Osakans live by the mantra "kuidaore" which translates to eat yourselves to financial ruins. We see that loud and clear especially along Dotonbori, a street that has become so quintessentially Osaka that people see it as the city's symbol. Osaka may not always be on a tourist's list of Japanese city to visit but to insiders and travelers who care about food, Osaka is too important of a city to miss. What Osaka lacks in terms of tourist attractions, it makes up for it in its food and entertainment. People go to Osaka to eat, and they should. And boy, did we have a tremendously good time in this down-to-earth city with people who really know how to live well.

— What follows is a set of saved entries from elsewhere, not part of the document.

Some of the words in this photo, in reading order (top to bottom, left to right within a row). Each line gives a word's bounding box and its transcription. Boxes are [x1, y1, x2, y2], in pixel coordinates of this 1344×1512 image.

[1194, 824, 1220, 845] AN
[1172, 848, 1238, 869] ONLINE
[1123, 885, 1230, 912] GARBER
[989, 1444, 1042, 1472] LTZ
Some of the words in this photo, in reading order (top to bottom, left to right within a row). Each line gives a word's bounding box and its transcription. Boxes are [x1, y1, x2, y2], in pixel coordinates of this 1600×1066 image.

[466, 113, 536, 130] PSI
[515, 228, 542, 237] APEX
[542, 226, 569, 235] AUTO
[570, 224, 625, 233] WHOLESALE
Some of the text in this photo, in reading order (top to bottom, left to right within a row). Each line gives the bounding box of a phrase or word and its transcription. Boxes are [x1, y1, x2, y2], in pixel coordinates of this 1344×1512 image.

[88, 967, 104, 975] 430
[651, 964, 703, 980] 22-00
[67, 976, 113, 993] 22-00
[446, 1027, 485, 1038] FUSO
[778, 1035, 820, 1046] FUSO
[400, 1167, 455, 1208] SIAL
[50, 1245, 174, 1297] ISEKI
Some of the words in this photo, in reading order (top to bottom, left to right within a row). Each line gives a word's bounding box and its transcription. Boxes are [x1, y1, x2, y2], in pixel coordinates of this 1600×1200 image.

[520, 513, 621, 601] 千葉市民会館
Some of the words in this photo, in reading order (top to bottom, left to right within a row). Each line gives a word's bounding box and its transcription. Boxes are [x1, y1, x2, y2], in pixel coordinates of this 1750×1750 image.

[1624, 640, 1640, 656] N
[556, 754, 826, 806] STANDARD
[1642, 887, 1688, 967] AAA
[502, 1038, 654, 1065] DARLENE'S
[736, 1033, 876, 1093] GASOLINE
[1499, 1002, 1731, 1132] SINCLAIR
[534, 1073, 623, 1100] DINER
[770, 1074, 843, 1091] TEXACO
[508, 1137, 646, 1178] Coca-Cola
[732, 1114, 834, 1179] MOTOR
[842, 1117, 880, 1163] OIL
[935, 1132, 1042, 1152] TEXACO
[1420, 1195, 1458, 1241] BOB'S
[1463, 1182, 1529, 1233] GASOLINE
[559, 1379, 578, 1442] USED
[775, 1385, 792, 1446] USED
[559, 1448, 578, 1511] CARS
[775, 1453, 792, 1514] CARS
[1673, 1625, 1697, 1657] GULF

Dotonbori is extremely visual and it is even more so in the evening when the colorful lights come on. Restaurant signs and billboards are very enjoyable to see. Colorful 3-D signs are the norm rather than the exception. Dotonbori is the perfect place to explore Osakan regional specialties. Yatai (street stalls) serve up fresh and steaming hot takoyaki (grilled octopus balls in batter). Restaurants specialize in okonomiyaki (grilled savory pancake) while others focus on fugu (pufferfish). Kushikatsu (deep fried skewers) is another favorite regional specialty. For those who crave kani (crab), the corner restaurant with its signature crab signboard is easily spotted. It's hard to tire of this energized street. You can return again and again yet never eat at the same establishment. Note: Among other regional specialties to look out for are yakiniku, kitsune udon, ikayaki, horumon, hakozushi.
Finish the night off with a walk along the south bank of the Dotonbori canal with more recognizable Osaka symbols such as the famous Glico Running Man. The neon lights from billboards reflect on the waters along the canal at night.